(Phrase grounding data)
__________

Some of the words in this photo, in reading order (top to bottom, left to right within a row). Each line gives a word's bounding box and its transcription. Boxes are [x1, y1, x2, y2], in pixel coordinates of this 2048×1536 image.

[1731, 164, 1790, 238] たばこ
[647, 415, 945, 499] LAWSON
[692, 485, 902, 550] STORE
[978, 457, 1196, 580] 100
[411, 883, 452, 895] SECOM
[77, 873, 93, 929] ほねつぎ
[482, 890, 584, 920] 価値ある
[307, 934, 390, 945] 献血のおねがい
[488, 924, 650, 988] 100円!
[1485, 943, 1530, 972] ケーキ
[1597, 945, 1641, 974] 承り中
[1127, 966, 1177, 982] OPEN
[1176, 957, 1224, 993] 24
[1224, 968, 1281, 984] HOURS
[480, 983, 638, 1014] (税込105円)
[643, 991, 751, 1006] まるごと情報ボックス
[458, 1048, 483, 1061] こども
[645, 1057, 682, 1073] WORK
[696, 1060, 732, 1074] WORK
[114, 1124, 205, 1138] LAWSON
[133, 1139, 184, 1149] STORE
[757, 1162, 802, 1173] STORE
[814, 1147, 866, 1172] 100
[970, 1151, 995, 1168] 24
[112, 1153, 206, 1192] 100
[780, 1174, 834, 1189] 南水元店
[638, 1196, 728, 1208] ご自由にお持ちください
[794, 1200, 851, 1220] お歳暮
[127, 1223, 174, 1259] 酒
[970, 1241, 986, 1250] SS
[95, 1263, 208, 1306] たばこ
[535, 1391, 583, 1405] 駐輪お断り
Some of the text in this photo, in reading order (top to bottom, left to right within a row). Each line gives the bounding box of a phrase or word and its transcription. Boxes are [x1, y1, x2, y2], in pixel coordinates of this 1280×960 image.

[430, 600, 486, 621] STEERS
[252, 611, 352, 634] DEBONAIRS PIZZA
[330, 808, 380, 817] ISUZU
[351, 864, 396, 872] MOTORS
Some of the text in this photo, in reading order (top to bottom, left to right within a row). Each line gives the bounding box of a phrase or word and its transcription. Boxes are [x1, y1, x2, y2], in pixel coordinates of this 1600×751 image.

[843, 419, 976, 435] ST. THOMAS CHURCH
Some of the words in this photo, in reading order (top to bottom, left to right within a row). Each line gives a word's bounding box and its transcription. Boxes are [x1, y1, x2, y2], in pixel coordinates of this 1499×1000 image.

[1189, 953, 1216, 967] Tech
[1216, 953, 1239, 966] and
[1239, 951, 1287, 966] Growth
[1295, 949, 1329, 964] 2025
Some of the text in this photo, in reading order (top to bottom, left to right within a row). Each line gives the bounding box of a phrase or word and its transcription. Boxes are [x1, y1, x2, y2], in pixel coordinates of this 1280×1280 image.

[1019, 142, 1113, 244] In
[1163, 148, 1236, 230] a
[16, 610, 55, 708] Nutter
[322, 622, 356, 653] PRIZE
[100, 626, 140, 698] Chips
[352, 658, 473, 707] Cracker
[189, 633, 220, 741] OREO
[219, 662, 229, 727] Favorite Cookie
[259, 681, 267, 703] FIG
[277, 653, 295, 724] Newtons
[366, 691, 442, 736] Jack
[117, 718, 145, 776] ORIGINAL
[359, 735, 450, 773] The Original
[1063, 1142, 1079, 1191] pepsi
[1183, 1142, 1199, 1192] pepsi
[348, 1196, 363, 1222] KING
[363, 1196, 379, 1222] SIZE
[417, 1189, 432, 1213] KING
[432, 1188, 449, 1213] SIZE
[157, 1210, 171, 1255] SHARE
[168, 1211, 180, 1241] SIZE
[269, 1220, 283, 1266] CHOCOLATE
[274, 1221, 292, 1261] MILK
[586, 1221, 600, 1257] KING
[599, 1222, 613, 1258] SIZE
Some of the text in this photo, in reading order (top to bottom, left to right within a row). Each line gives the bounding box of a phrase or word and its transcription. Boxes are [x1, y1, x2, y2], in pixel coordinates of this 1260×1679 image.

__________

Starting at the top of the records, copy every line exactly.

## Result of this task
Some of the words in this photo, in reading order (top to bottom, left to right within a row). Each line gives a word's bounding box and its transcription. Boxes are [x1, y1, x2, y2], in pixel coordinates of this 2048×1536 image.

[1731, 164, 1790, 238] たばこ
[647, 415, 945, 499] LAWSON
[692, 485, 902, 550] STORE
[978, 457, 1196, 580] 100
[411, 883, 452, 895] SECOM
[77, 873, 93, 929] ほねつぎ
[482, 890, 584, 920] 価値ある
[307, 934, 390, 945] 献血のおねがい
[488, 924, 650, 988] 100円!
[1485, 943, 1530, 972] ケーキ
[1597, 945, 1641, 974] 承り中
[1127, 966, 1177, 982] OPEN
[1176, 957, 1224, 993] 24
[1224, 968, 1281, 984] HOURS
[480, 983, 638, 1014] (税込105円)
[643, 991, 751, 1006] まるごと情報ボックス
[458, 1048, 483, 1061] こども
[645, 1057, 682, 1073] WORK
[696, 1060, 732, 1074] WORK
[114, 1124, 205, 1138] LAWSON
[133, 1139, 184, 1149] STORE
[757, 1162, 802, 1173] STORE
[814, 1147, 866, 1172] 100
[970, 1151, 995, 1168] 24
[112, 1153, 206, 1192] 100
[780, 1174, 834, 1189] 南水元店
[638, 1196, 728, 1208] ご自由にお持ちください
[794, 1200, 851, 1220] お歳暮
[127, 1223, 174, 1259] 酒
[970, 1241, 986, 1250] SS
[95, 1263, 208, 1306] たばこ
[535, 1391, 583, 1405] 駐輪お断り
Some of the text in this photo, in reading order (top to bottom, left to right within a row). Each line gives the bounding box of a phrase or word and its transcription. Boxes are [x1, y1, x2, y2], in pixel coordinates of this 1280×960 image.

[430, 600, 486, 621] STEERS
[252, 611, 352, 634] DEBONAIRS PIZZA
[330, 808, 380, 817] ISUZU
[351, 864, 396, 872] MOTORS
Some of the text in this photo, in reading order (top to bottom, left to right within a row). Each line gives the bounding box of a phrase or word and its transcription. Boxes are [x1, y1, x2, y2], in pixel coordinates of this 1600×751 image.

[843, 419, 976, 435] ST. THOMAS CHURCH
Some of the words in this photo, in reading order (top to bottom, left to right within a row). Each line gives a word's bounding box and its transcription. Boxes are [x1, y1, x2, y2], in pixel coordinates of this 1499×1000 image.

[1189, 953, 1216, 967] Tech
[1216, 953, 1239, 966] and
[1239, 951, 1287, 966] Growth
[1295, 949, 1329, 964] 2025
Some of the text in this photo, in reading order (top to bottom, left to right within a row). Each line gives the bounding box of a phrase or word and its transcription. Boxes are [x1, y1, x2, y2], in pixel coordinates of this 1280×1280 image.

[1019, 142, 1113, 244] In
[1163, 148, 1236, 230] a
[16, 610, 55, 708] Nutter
[322, 622, 356, 653] PRIZE
[100, 626, 140, 698] Chips
[352, 658, 473, 707] Cracker
[189, 633, 220, 741] OREO
[219, 662, 229, 727] Favorite Cookie
[259, 681, 267, 703] FIG
[277, 653, 295, 724] Newtons
[366, 691, 442, 736] Jack
[117, 718, 145, 776] ORIGINAL
[359, 735, 450, 773] The Original
[1063, 1142, 1079, 1191] pepsi
[1183, 1142, 1199, 1192] pepsi
[348, 1196, 363, 1222] KING
[363, 1196, 379, 1222] SIZE
[417, 1189, 432, 1213] KING
[432, 1188, 449, 1213] SIZE
[157, 1210, 171, 1255] SHARE
[168, 1211, 180, 1241] SIZE
[269, 1220, 283, 1266] CHOCOLATE
[274, 1221, 292, 1261] MILK
[586, 1221, 600, 1257] KING
[599, 1222, 613, 1258] SIZE
Some of the text in this photo, in reading order (top to bottom, left to right within a row). Each line gives the bounding box of a phrase or word and its transcription. Boxes are [x1, y1, x2, y2], in pixel coordinates of this 1260×1679 image.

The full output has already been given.